According to a 2011 study in Frontiers in Psychiatry, exercise is advocated as an “intrinsically rewarding, engaging, healthy, and safe alternative behavior.” The study found evidence to suggest that people with substance use disorder (SUD) “may derive benefits from regular exercise in terms of both general health/fitness and SUD recovery.”
Exercise and the Brain
A 2013 study in Brain Sciences found that there are “multiple mechanisms that account for the brain-enhancing effects of exercise.” One of these mechanisms includes regulations on “feel good” neurotransmitters, like dopamine and serotonin, which are responsible for producing euphoric feelings in your mind and body.

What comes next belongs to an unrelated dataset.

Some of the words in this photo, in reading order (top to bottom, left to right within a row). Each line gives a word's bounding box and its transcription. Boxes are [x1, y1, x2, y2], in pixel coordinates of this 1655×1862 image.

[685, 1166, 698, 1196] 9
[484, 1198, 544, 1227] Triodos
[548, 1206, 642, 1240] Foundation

When a person uses substances, these “feel good” neurotransmitters are often released in very high amounts or manipulated in a way that will cause you to chase a “high.” This is why, over time, many people will feel the need to consume larger and larger amounts of drugs just to feel normal.
Exercise, on the other hand, is a natural way to release the feel-good chemicals already in your system. When you replace substance use with exercise, you will give your brain a chance to regulate these neurotransmitters and allow your brain to heal itself.

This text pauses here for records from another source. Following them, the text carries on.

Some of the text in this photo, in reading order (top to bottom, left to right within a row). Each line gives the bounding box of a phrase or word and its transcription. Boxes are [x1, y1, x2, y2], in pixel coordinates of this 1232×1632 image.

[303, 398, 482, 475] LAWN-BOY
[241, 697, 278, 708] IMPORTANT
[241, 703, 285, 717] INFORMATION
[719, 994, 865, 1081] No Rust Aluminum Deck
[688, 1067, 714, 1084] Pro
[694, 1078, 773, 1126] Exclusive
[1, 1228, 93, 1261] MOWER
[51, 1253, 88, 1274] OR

SUD can bring about many negative lifestyle changes, including irregular eating patterns and unhealthy diets. When you’re using substances, there isn’t much room to think about healthy eating because you’re so focused on your addiction.
According to Medline Plus, proper nutrition can help the process of healing from addiction. When you first stop using substances, your body will go through a lot of changes. Consuming healthy food will replenish your body, give you energy, and even help to fight off infections.

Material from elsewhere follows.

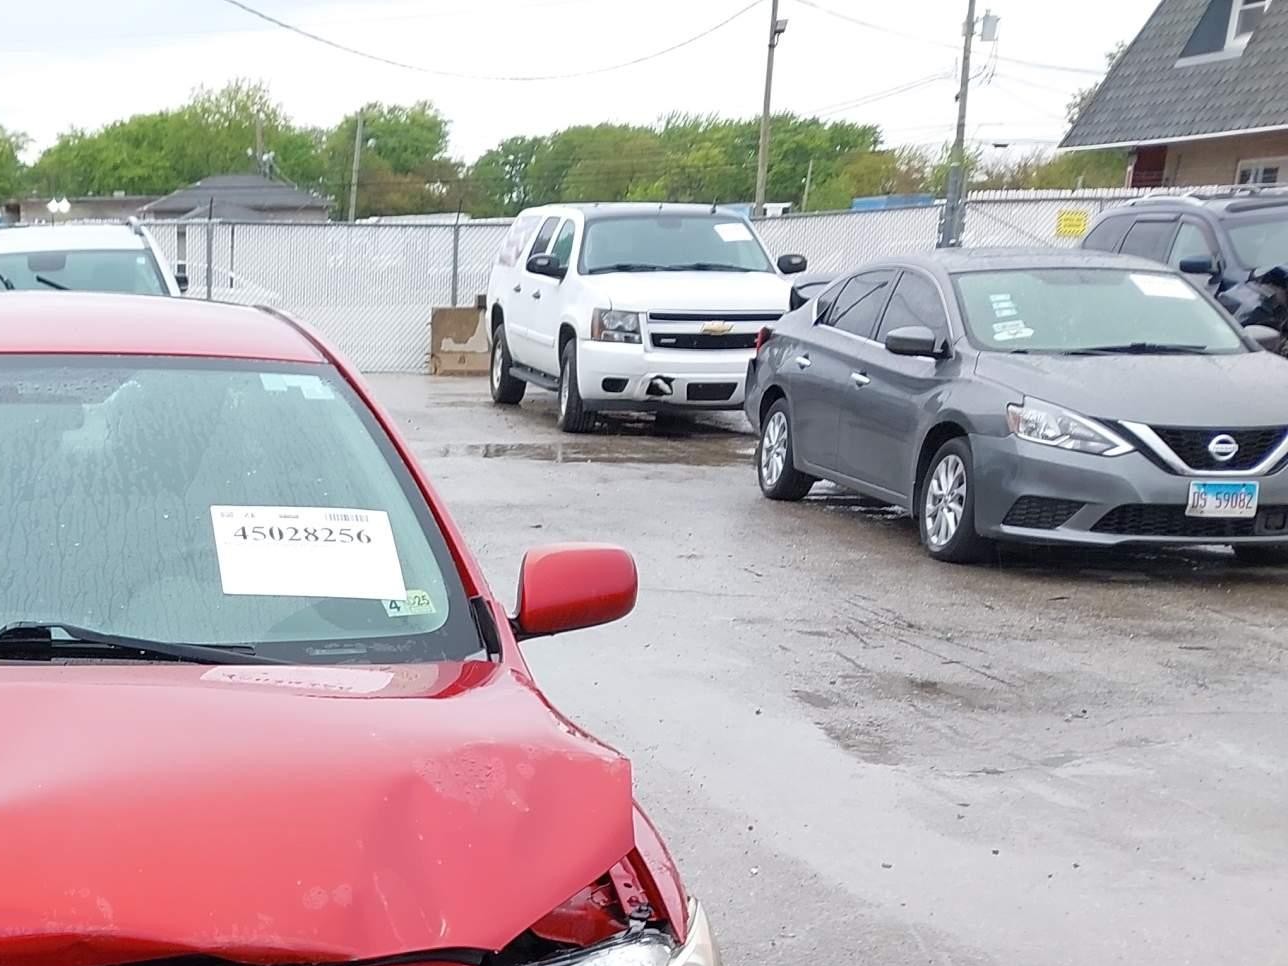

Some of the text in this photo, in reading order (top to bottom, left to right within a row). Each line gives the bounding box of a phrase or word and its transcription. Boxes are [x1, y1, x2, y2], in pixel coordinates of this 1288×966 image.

[1191, 491, 1208, 510] DS
[233, 525, 372, 544] 45028256
[389, 600, 401, 612] 4
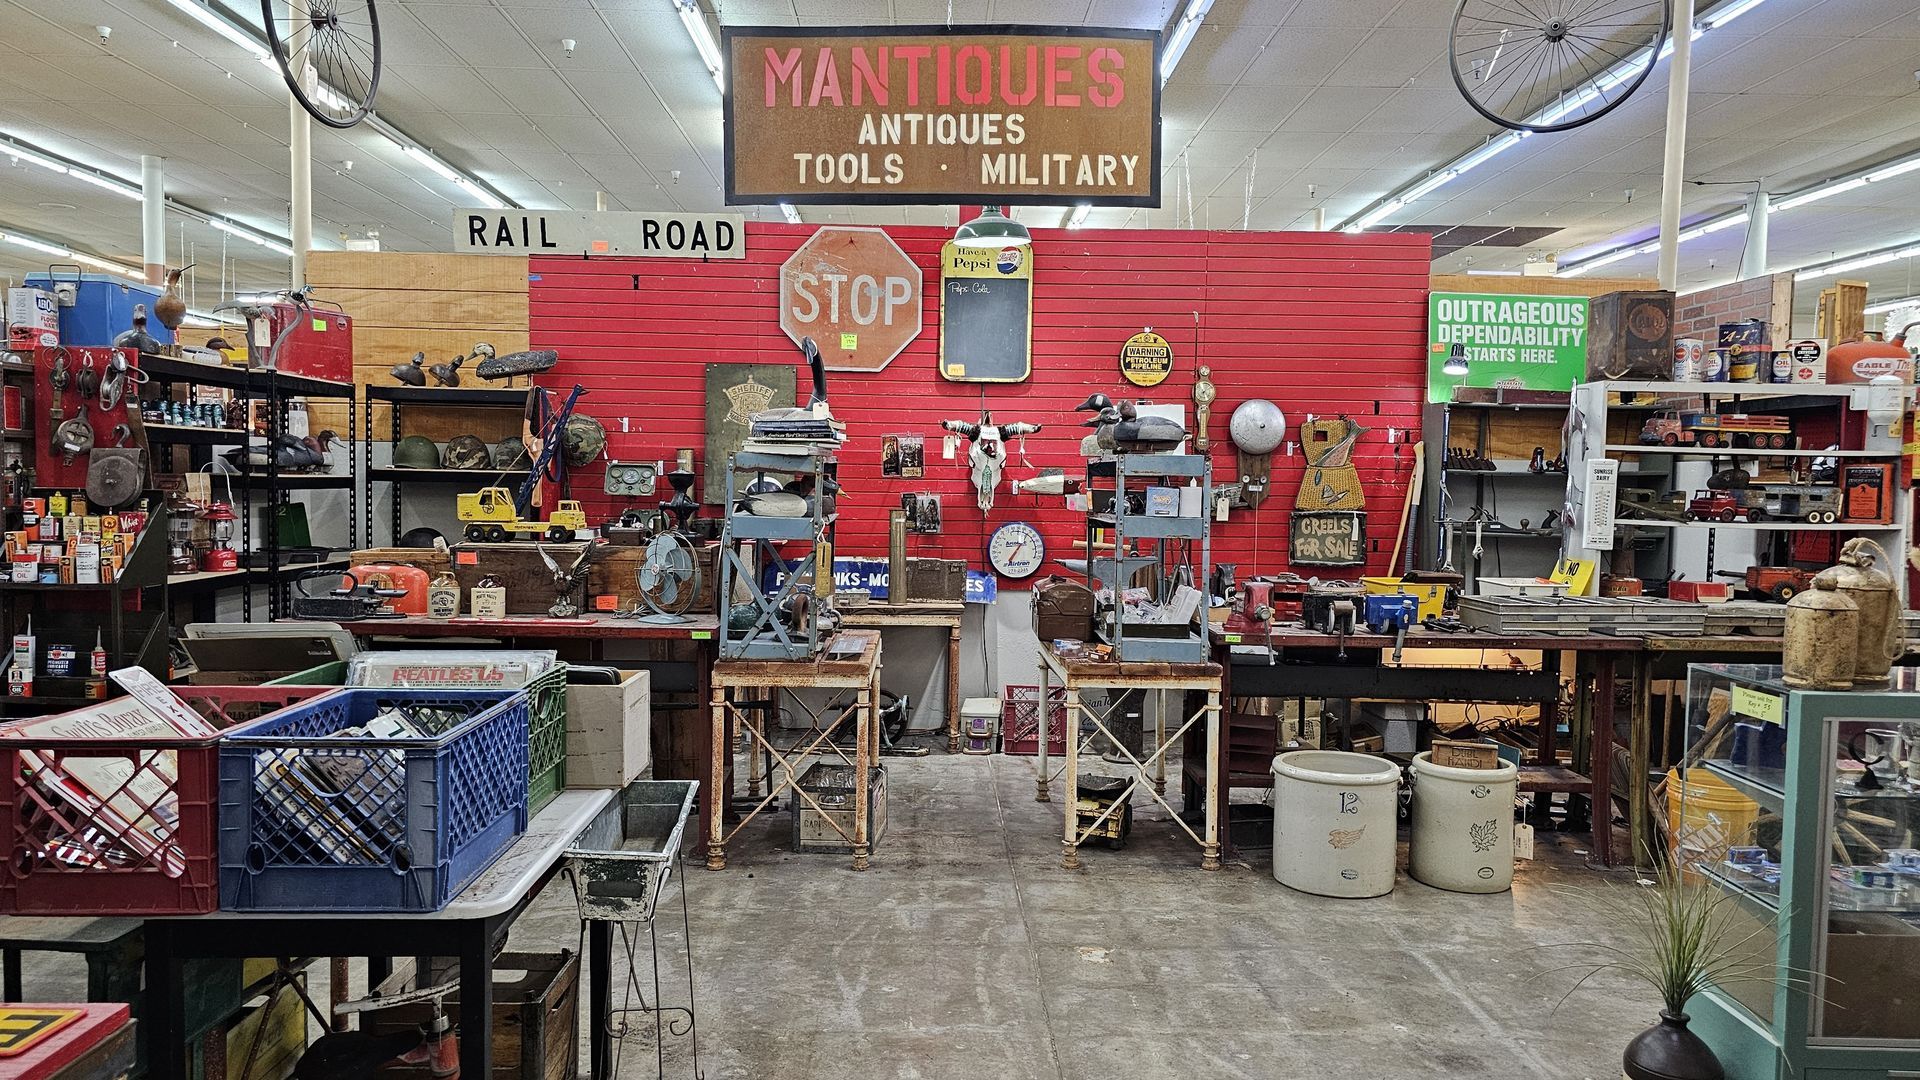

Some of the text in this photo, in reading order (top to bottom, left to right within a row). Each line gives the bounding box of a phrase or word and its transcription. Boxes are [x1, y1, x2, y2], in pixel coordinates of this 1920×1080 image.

The Dietary Guidelines for Americans suggest that a healthy eating plan will include “a variety of fruits, vegetables, grains, dairy or fortified soy alternatives, and protein foods.” The guidelines urge you to choose healthy eating options that are full of nutrients.
Holistic Treatment for Addiction Recovery
Holistic practices, like meditation and mindfulness, can greatly help in healing your addiction. It’s a good idea to find a quality addiction treatment center that incorporates holistic methods into its programming. When you’re involved in treatment, it can help you design a new healthy lifestyle that keeps you focused on your goals for lasting sobriety.
Mindfulness is a practice that teaches you how to live in the present moment. When you practice mindfulness, you are fully focused on the current task or activity at hand using all five senses. For those who struggle with addiction, this practice can help keep thoughts of cravings at bay, as well as feelings like guilt and shame that often come along with the healing process.
A 2018 study in Substance Abuse and Rehabilitation found that mindfulness is particularly suited for relapse prevention. The study notes that addiction, in and of itself, is a chronically relapsing condition. Mindful practices can help a person avoid relapse as well as cope with it in a healthy way if it occurs.
Meditation is a form of mindfulness in which you are focused on your breath or another element in the present moment, like sound. Meditation is all about quieting the mind and gently releasing intrusive thoughts without judgment. Research shows that meditation may be a valuable coping technique for those affected by SUD by helping them process and release unwanted thoughts, emotions, and cravings.
Consistent meditation can help you maintain good energy levels, curb anxiety, and make you an all-around happier person. Meditation is a great tool to add to your new healthy lifestyle without substances.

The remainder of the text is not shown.